[Text-to-region grounding data]
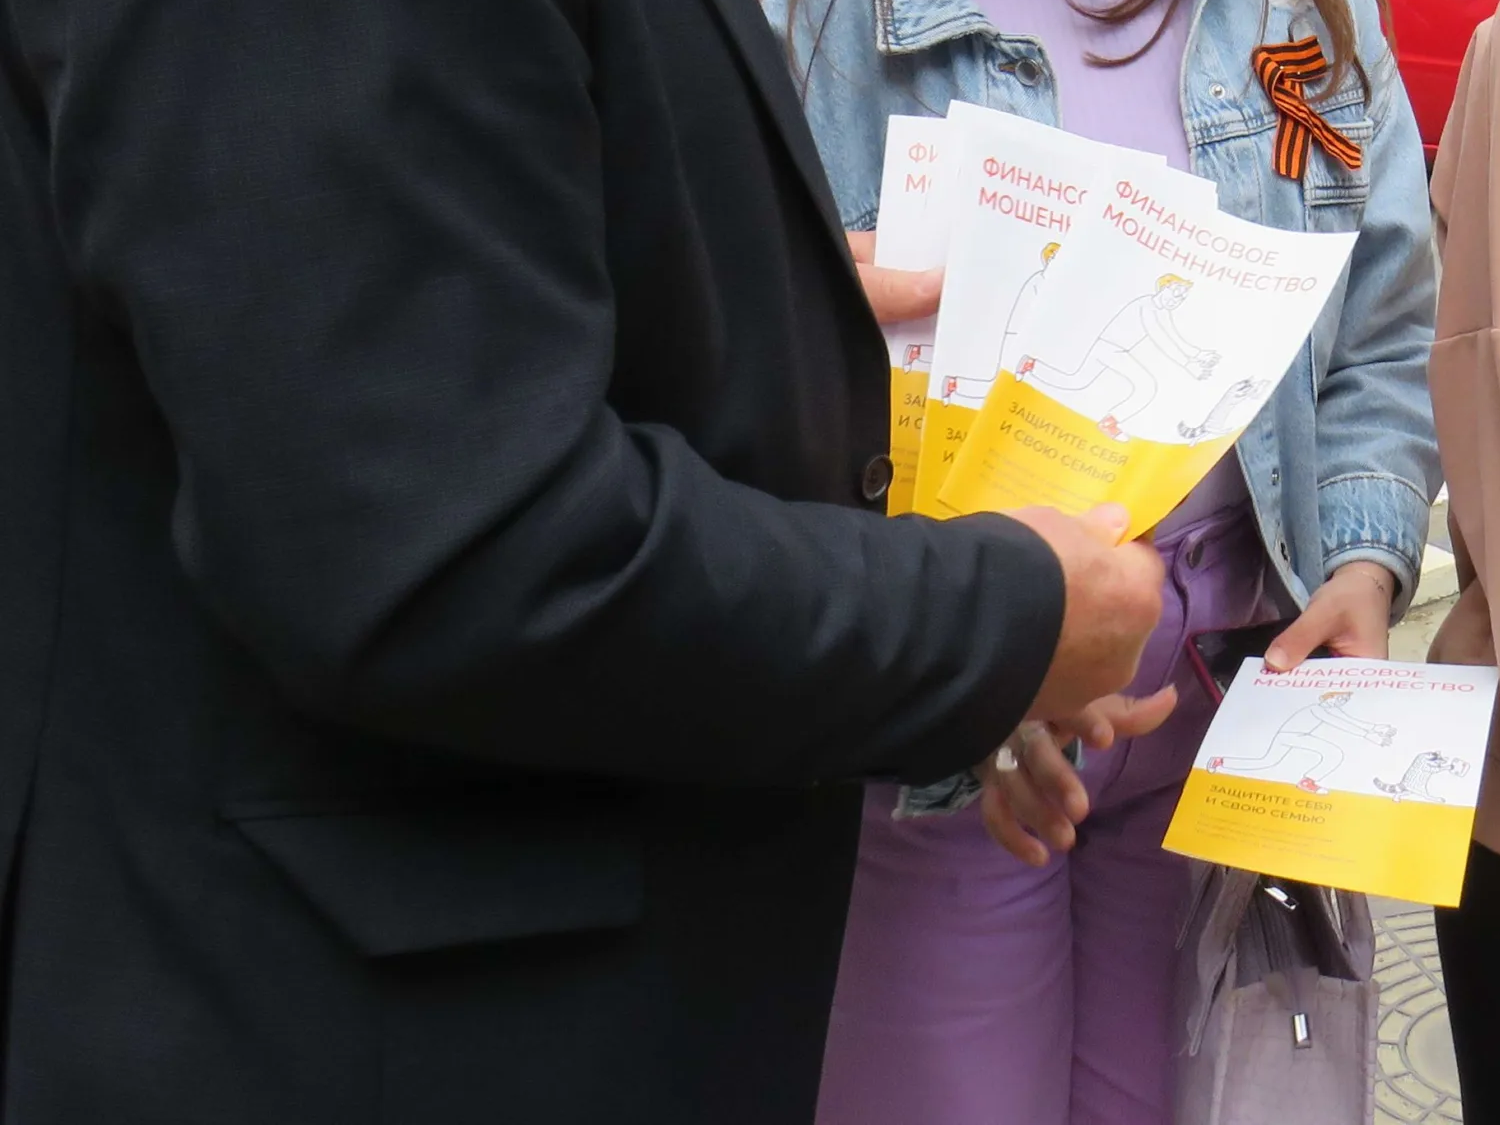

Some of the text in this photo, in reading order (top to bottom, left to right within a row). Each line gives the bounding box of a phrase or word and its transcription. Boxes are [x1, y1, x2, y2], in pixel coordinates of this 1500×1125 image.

[1116, 180, 1279, 267] ФИНАНСОВОЕ
[1102, 203, 1318, 293] МОШЕННИЧЕСТВО
[898, 414, 911, 427] И
[1008, 401, 1129, 467] ЗАЩИТИТЕ СЕБЯ
[1000, 420, 1013, 435] И
[1013, 429, 1058, 460] СВОЮ
[1060, 454, 1117, 483] СЕМЬЮ
[1253, 678, 1475, 692] МОШЕННИЧЕСТВО
[1205, 796, 1326, 824] И СВОЮ СЕМЬЮ
[1210, 784, 1333, 812] ЗАЩИТИТЕ СЕБЯ
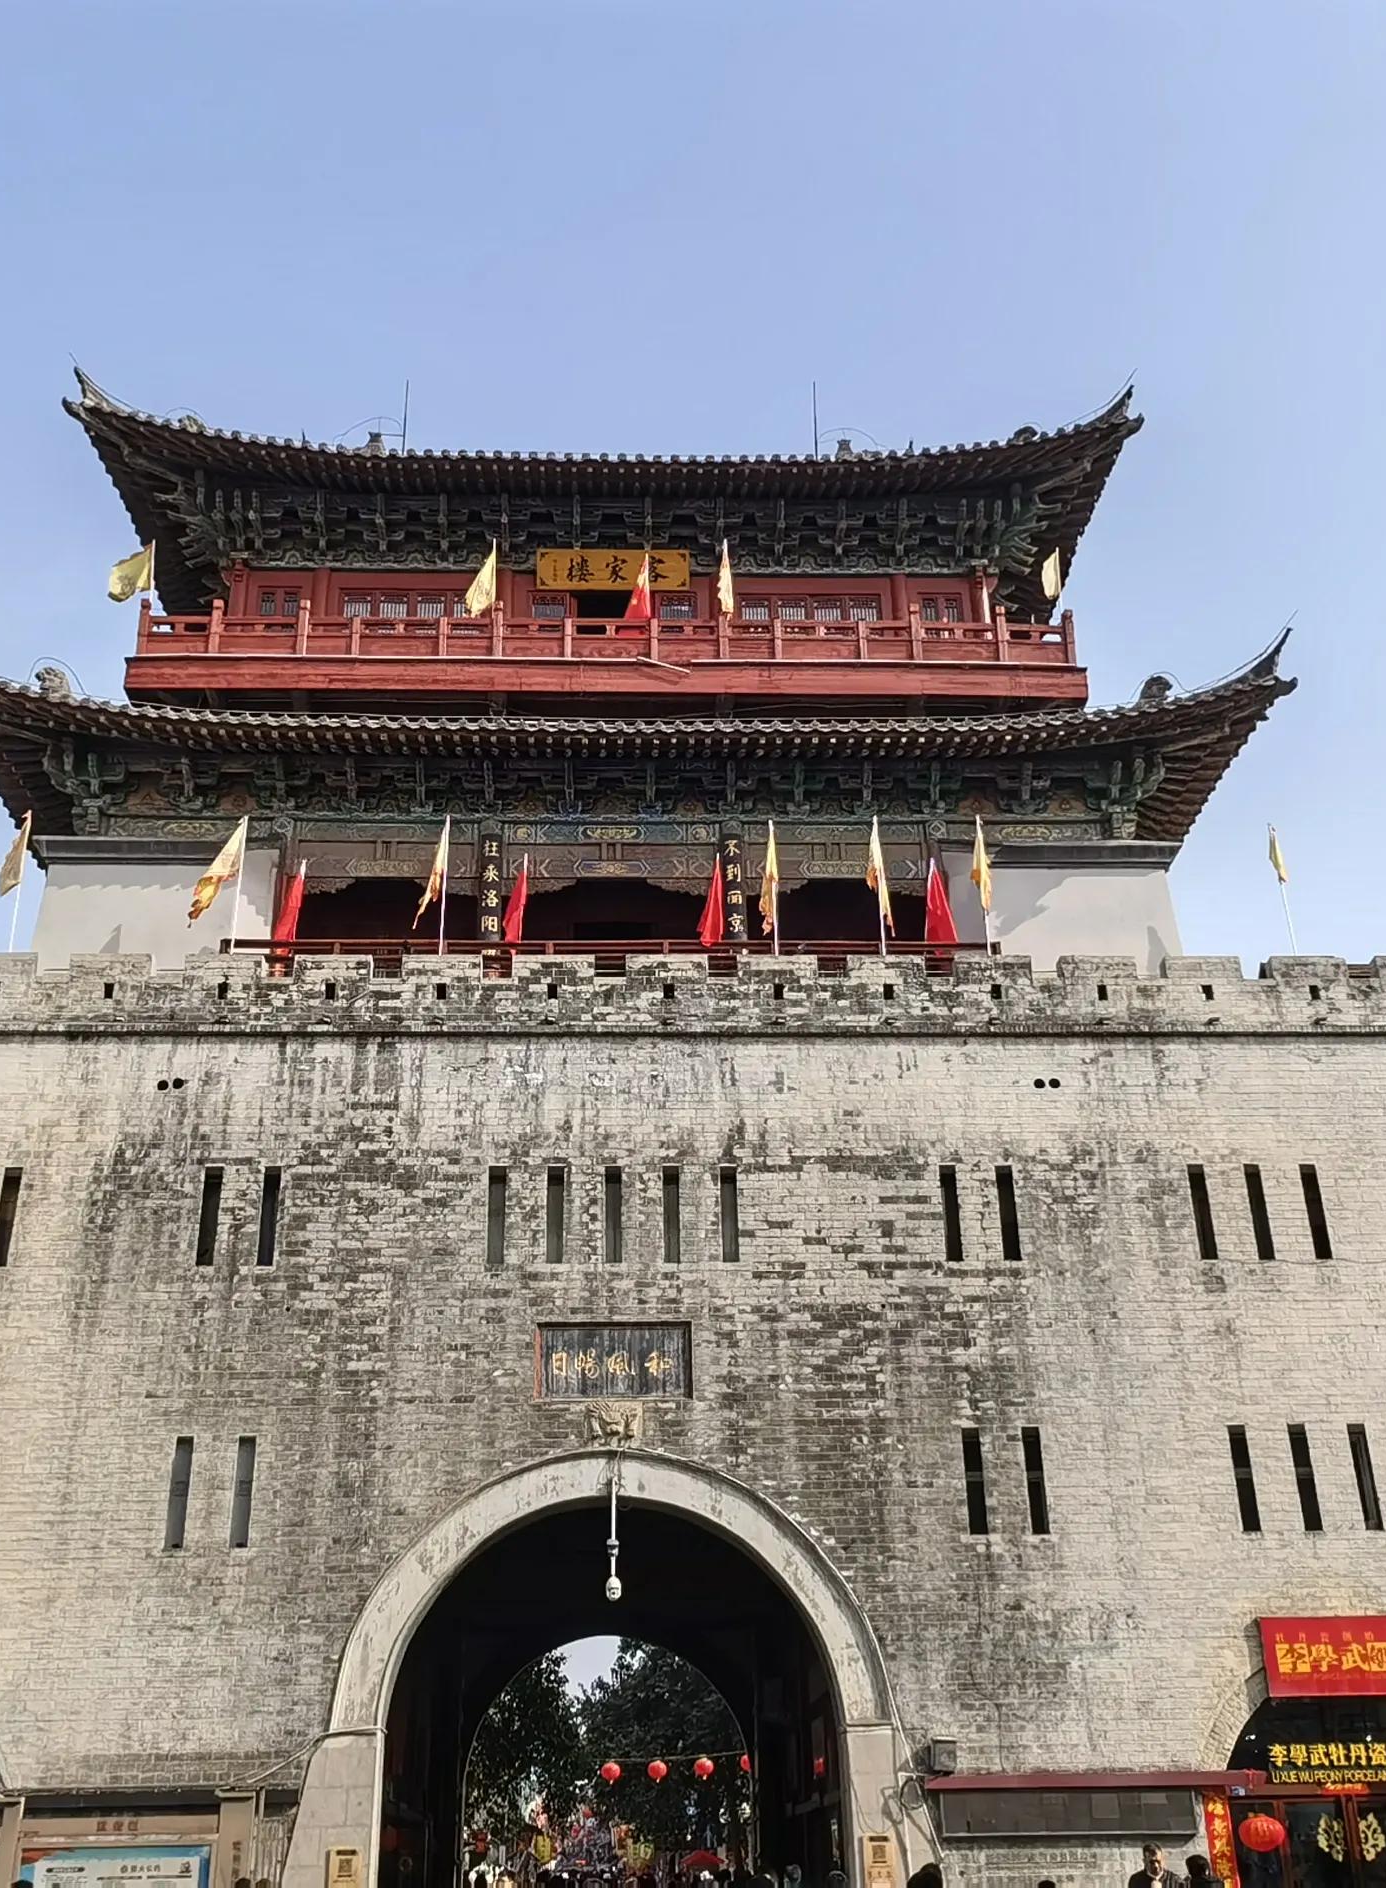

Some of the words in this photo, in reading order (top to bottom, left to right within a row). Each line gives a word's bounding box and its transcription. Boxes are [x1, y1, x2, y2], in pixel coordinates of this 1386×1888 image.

[1280, 1771, 1299, 1783] XUE
[1299, 1771, 1314, 1783] WU
[1315, 1770, 1343, 1783] PEONY
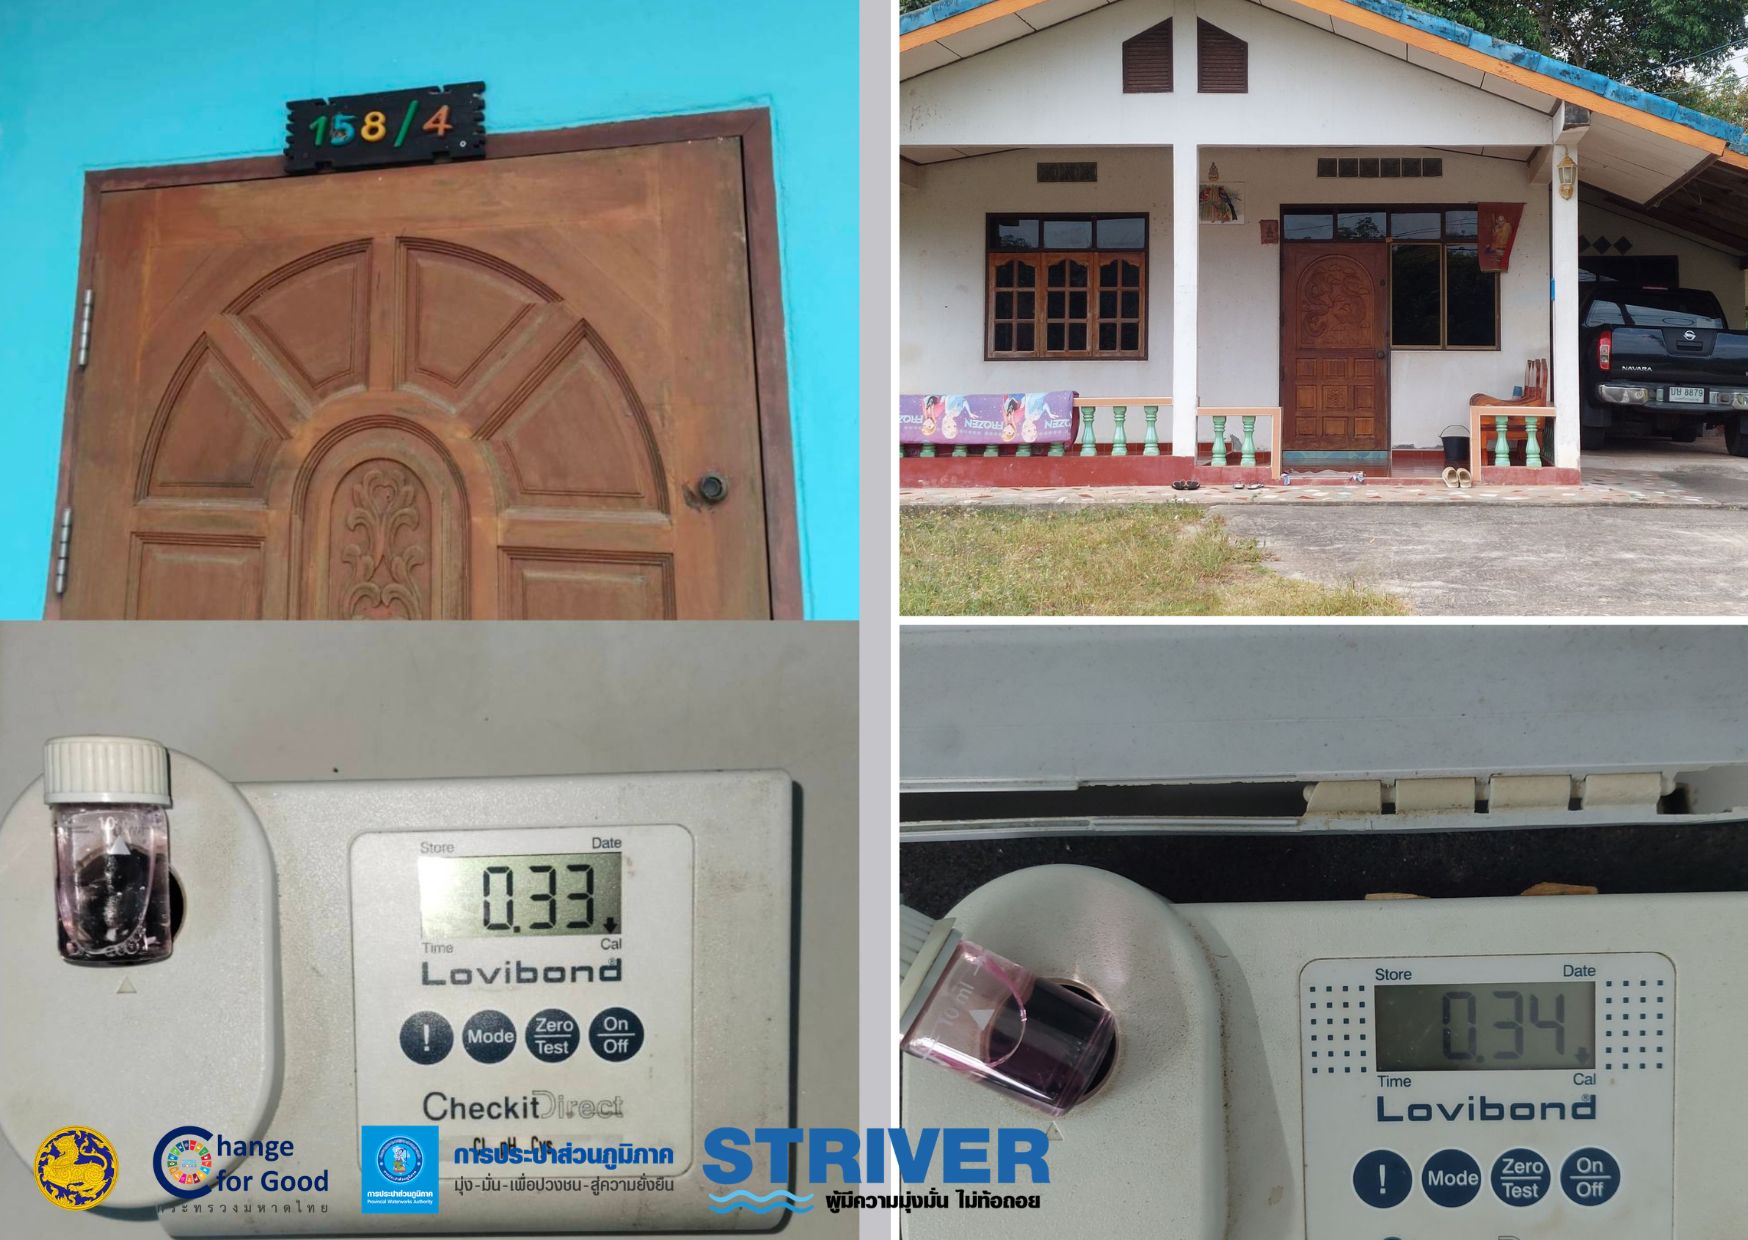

• **What the exercise asks**
Copy every entry exactly, leaving out the pictures.

• **Exercise answer**
Some of the text in this photo, in reading order (top to bottom, left to right within a row). Each line gives the bounding box of a phrase or word and its transcription. Boxes are [x1, y1, x2, y2], in pixel coordinates of this 1500×1125 image.

[1116, 180, 1279, 267] ФИНАНСОВОЕ
[1102, 203, 1318, 293] МОШЕННИЧЕСТВО
[898, 414, 911, 427] И
[1008, 401, 1129, 467] ЗАЩИТИТЕ СЕБЯ
[1000, 420, 1013, 435] И
[1013, 429, 1058, 460] СВОЮ
[1060, 454, 1117, 483] СЕМЬЮ
[1253, 678, 1475, 692] МОШЕННИЧЕСТВО
[1205, 796, 1326, 824] И СВОЮ СЕМЬЮ
[1210, 784, 1333, 812] ЗАЩИТИТЕ СЕБЯ

Some of the words in this photo, in reading order (top to bottom, left to right within a row). Each line gives a word's bounding box and its transcription. Boxes are [x1, y1, x2, y2], in pixel coordinates of this 1386×1888 image.

[1280, 1771, 1299, 1783] XUE
[1299, 1771, 1314, 1783] WU
[1315, 1770, 1343, 1783] PEONY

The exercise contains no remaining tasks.